で、ゴブリンキングは回収班を組織したのだ。
例の無限袋と、グールの能力《暴食の胃袋》で回収するようにさせたのだ。
《暴食の胃袋》と言っても本当に胃袋に収めるわけではなく一時的に別空間に物を溜め込む技だ。
まぁ、その為込んだものを小出しに食べているからこいつら、たちが悪いんだけど・・・・
それと戦場にこいつ等出したのって基本的に一回死んでるから死なないっていう理由なんだけどね、もちろん燃やすと聖印での攻撃とかすれば消滅=死んじゃうんだけど・・・
ようはしぶとさを買ったわけね。
というわけで、ガークの数人にあまりの気持ち悪さから武器ではたかれてバラバラになっても
『いや~ん、はげしいんだから~』とか言いながらバラケタ自分の体を無造作に重ねて動き出しておぞましさを見せる・・・・あえて女っぽいからグール子と名づけるが・・・
う~ん?選定ミスなんじゃ?と思うイミルとリミル
『では、皆さんがんばって~あたいは草葉の陰から見てますよ~』とかいいながらいつの間にできていた墓の下にもぐりこんだ・・・でも、隙間から本当にこっち見てる・・・『うへへ、あの美形萌え~受け限定?いやいや~うへへ~』とか言ってるのが聞こえる。

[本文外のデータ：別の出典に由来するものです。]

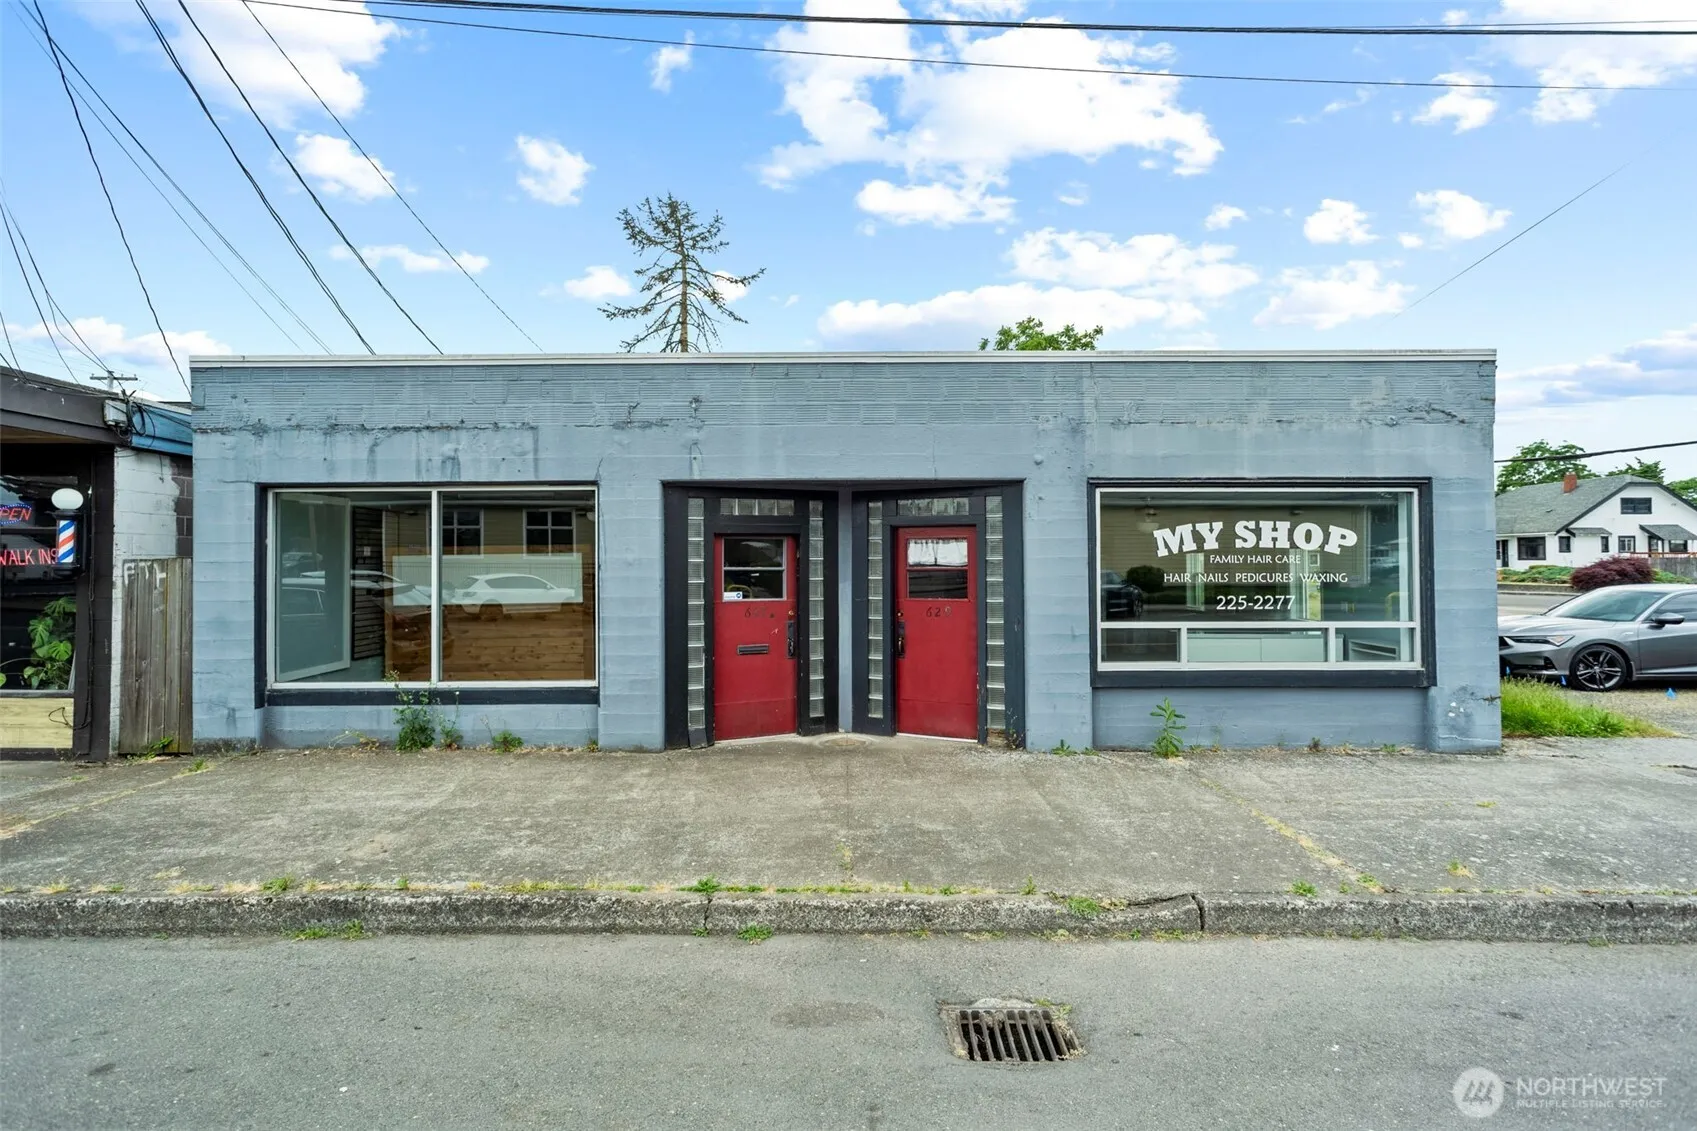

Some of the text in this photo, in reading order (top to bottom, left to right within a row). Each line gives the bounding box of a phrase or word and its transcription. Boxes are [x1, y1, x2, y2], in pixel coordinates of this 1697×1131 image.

[0, 508, 32, 521] PEN
[1153, 520, 1358, 557] MY SHOP
[1209, 554, 1301, 564] FAMILY HAIR CARE
[1164, 572, 1348, 583] HAIR NAILS PEDICURES WAXING
[1216, 595, 1296, 610] 225-2277

みんなで墓ごと破壊したのは言うまでもないけど・・・時々、ぐへへとかうへへ~とか地面の下で声がするので死んではいないのだろう。
オーク達の集団で移動する音や雄叫びや私達に対する罵声が聞こえたところで、我に返った私たちは音の咆哮に目を向ける・・・嫌な感じに後ろ髪を引く何か・・・グール子とは反対側だ。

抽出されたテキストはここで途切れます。